DOI: 10.4324/9781315770277-1
This book is based on two premises. First, insufficient scholarly attention has been devoted to the interpretive text analysis of music in advertising. In this book, interpretive text analysis refers to the qualitative examination of textual structure, that is, text elements and the relations between elements. This examination does not include a systematic focus on the reception and uses of music in advertising, for example, in the form of an interpretive phenomenological analysis of actual listeners. Second, interpretive text analysis offers relevant and necessary insights into processes of musical signification in advertising, that is, the issue of how music can be interpreted as contributing to the construction of meaning. Thus, this book focuses on music in advertising from a text analytical perspective and aims to improve understanding of the significance, structures, and functions of music in advertising. “Music in advertising” includes all uses of music in market communication, including various media settings, such as radio commercials, television commercials, web banners, websites, telephone waiting lines, computer-based presentations, stores, and brandscapes. This book focuses primarily on music in commercials (i.e., audiovisual films promoting a product or service aired on television and paid for by an advertiser), although it will also include analytical perspectives on music in television, web ads, and stores.
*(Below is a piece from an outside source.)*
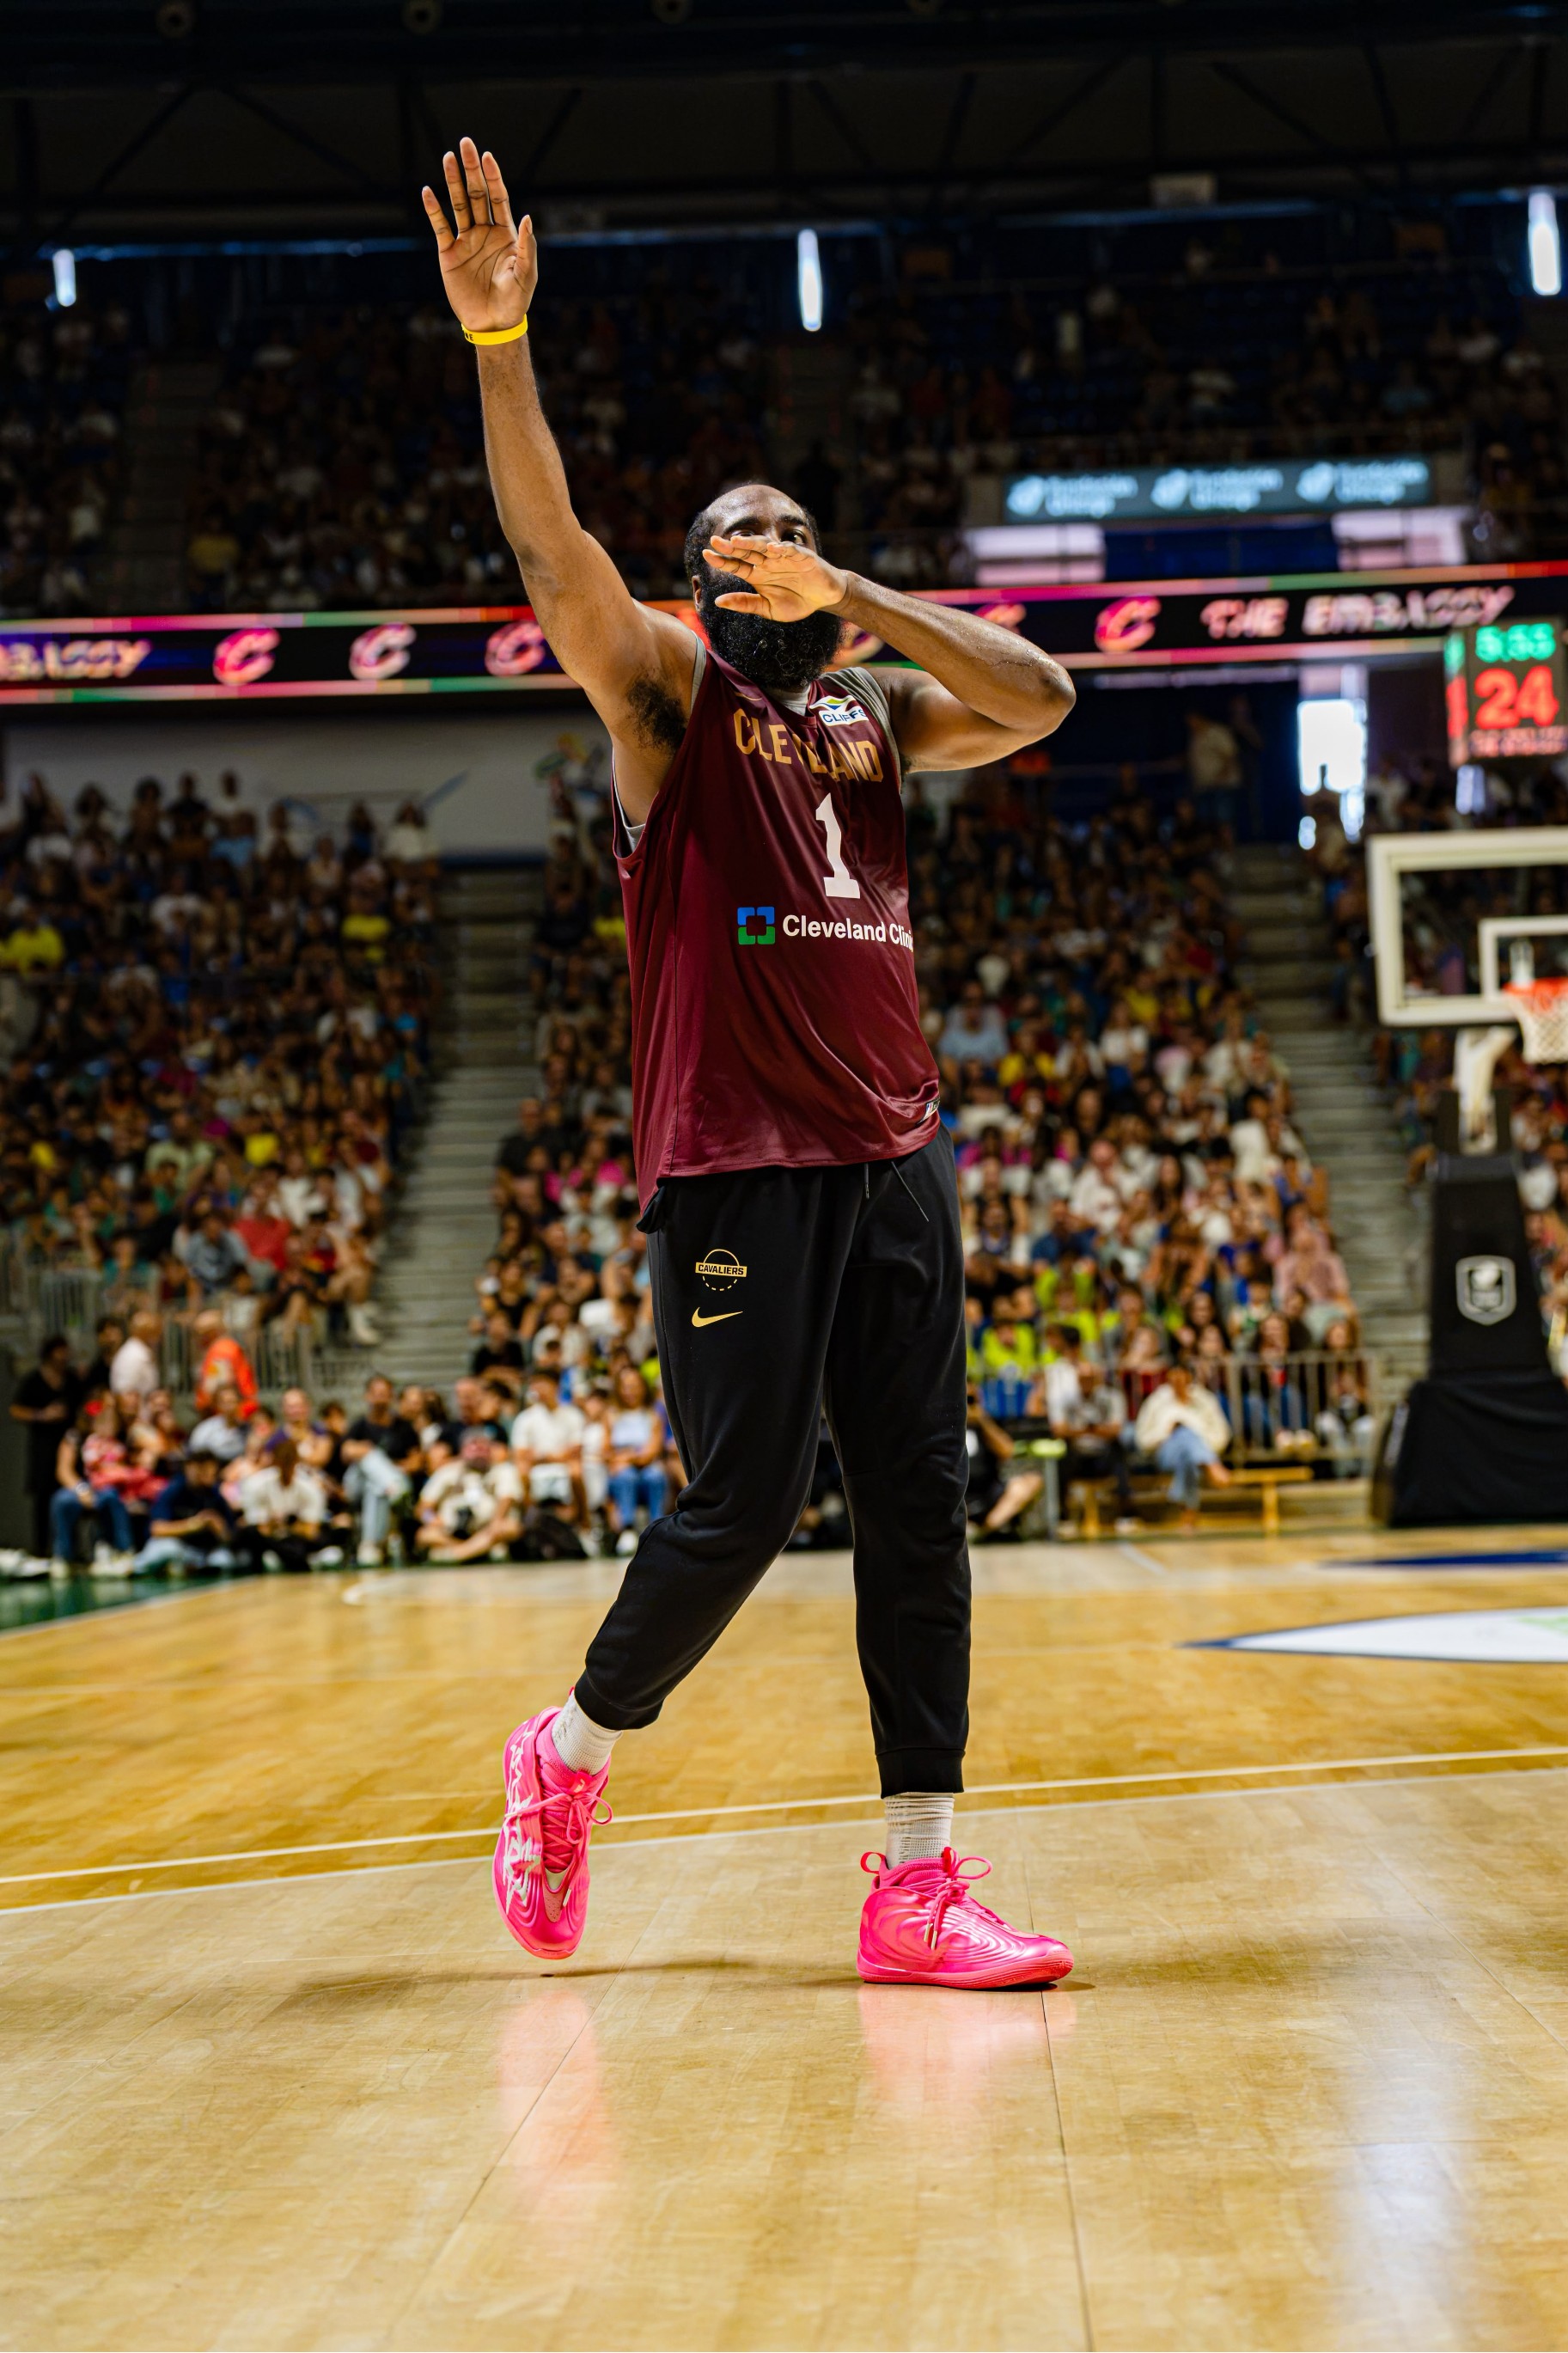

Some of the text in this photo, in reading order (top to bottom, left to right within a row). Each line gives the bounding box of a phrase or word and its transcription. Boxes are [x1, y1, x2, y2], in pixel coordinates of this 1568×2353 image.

With this purpose and perspective, I intend to address a lacuna in the research. As I illustrate in greater detail in the following, there appears to exist a discrepancy between the existing knowledge of music in advertising and commercials and prevalence and significance of this type of music. This discrepancy has been observed from various perspectives by many scholars. For example, “[music in advertising] is 
 an area in dire need of development” (Kassabian, 2013b, p. 100), and from the perspective of music in television, “substantial work remains to be undertaken for scholarship to obtain an understanding of how the musical realm beyond normal programming functions in television” (Deaville, 2011, p. 22). Thus far, searching for information on how to understand music in advertising from an interpretive text analytical perspective returns a relatively scarce, uneven and fragmented body of research; see Graakjér & Jantzen (2009a) for a review. With this book, I hope to remedy this situation.
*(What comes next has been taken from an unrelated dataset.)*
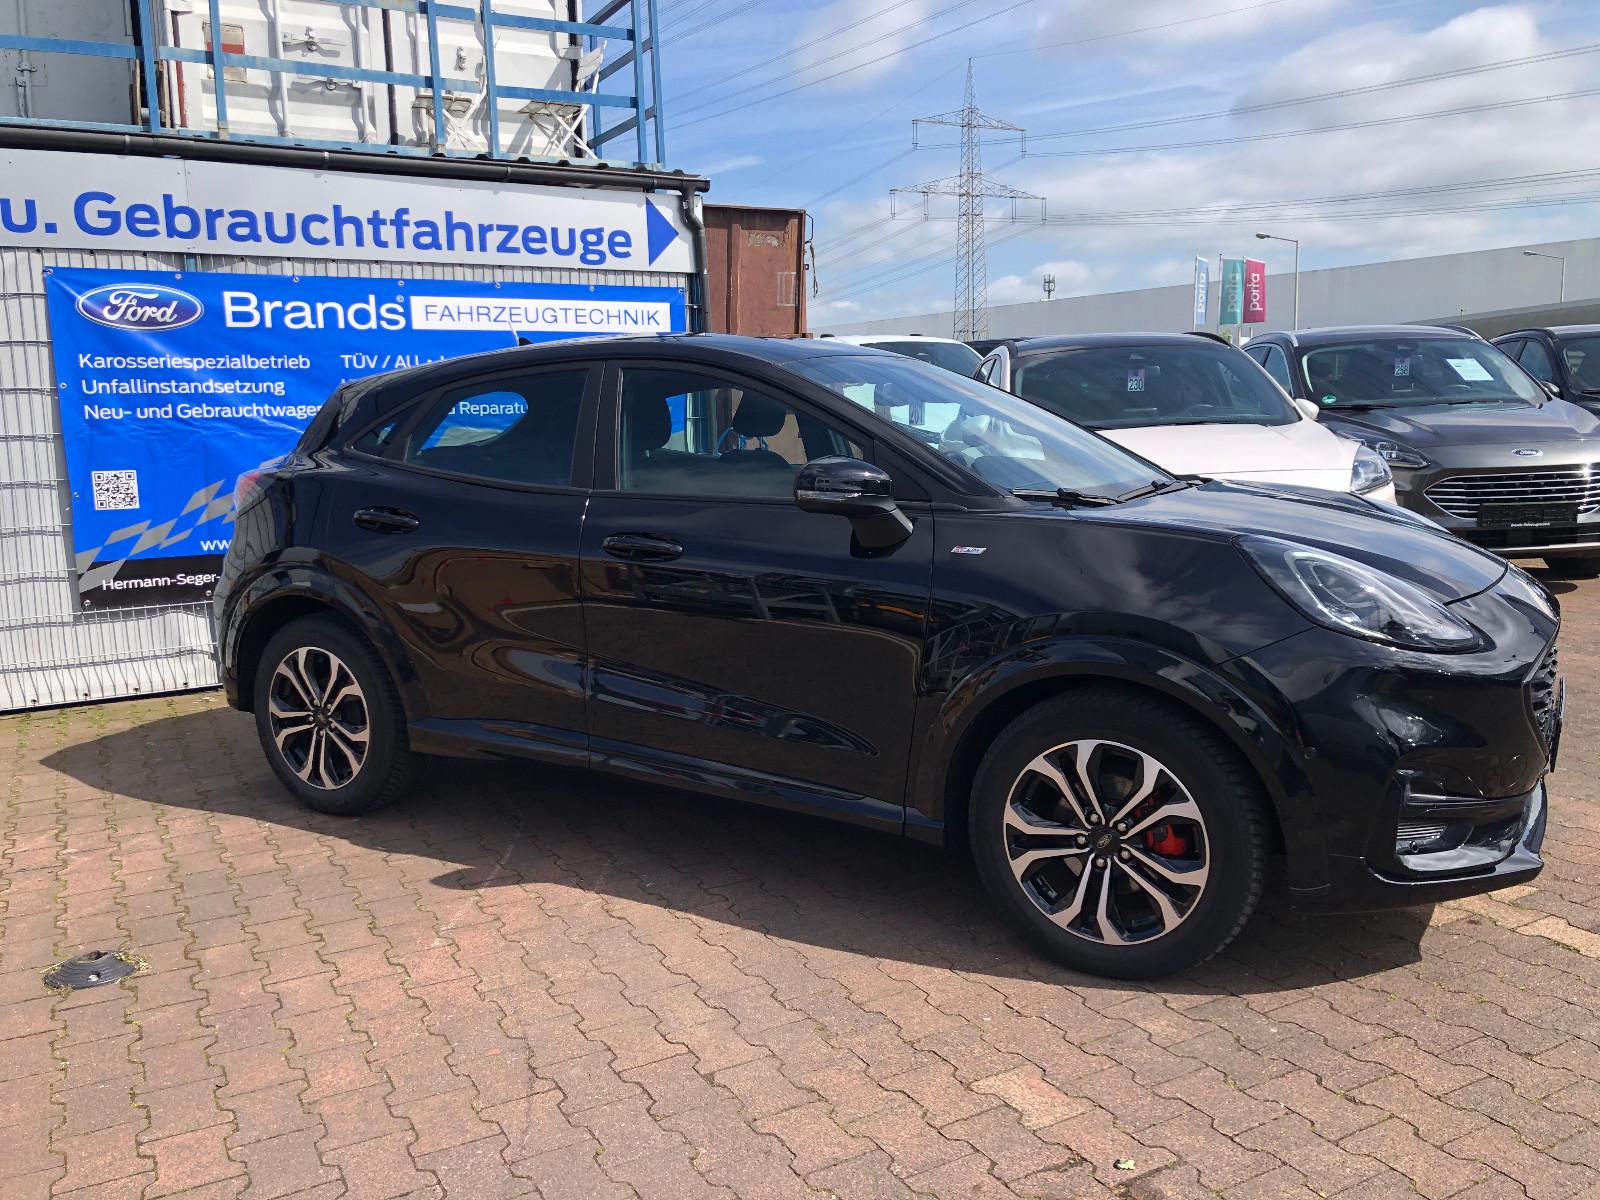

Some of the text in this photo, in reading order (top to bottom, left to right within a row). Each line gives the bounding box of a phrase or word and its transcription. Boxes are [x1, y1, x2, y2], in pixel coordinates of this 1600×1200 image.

From an interpretive text analytical perspective, the following questions are examined: How does music in commercials relate to music distributed prior to and outside the specific setting of the commercial? How does music in commercials compare to other forms of music in television and in advertising? How does music in commercials relate to visual and (other) auditory elements of commercials? How does music in commercials contribute to processes of signification? What are the typical structures and functions of music in commercials? In answering these questions, this book is primarily intended for university students, researchers, and lecturers in marketing, advertising, consumer behavior, and media and communication studies departments. In those contexts, this book can illustrate that music is a significant element of marketing and a specific type of communication that can be fruitfully examined from an interpretive text analytical perspective. This book may also be of value to students, researchers, and lecturers in musicology departments. In this context, the book can illustrate that music in commercials is well suited for exploring the persuasive effects of music beyond the well-known qualities of classical and popular music, such as the ability to entertain, edify, and emotionally cleanse an audience. Moreover, although this book does not systematically offer insights into the processes of production or reception of music in commercials, it is hoped that it can also be of interest to producers of (music in) commercials and to scholars in the tradition of experimental research (see the following discussion). Producers are invited to apply the presented analytical perspectives to evaluate their own—and their colleagues’—practice and to reframe analytical perspectives as design options for productions.1 Experimental researchers testing the effects of music in commercials on the responses of actual viewers may be inspired by the analytical approach presented for refining the ways in which music is treated as an independent variable. Given that “music can be hugely beneficial for advertising, but only when its role has been carefully thought through” (Millward Brown, 2008, p. 3), this book aims to illustrate how the role of music in commercials can be carefully examined. Considering the target groups mentioned, this book does not presuppose that the reader is familiar with music theory or has the ability to read music.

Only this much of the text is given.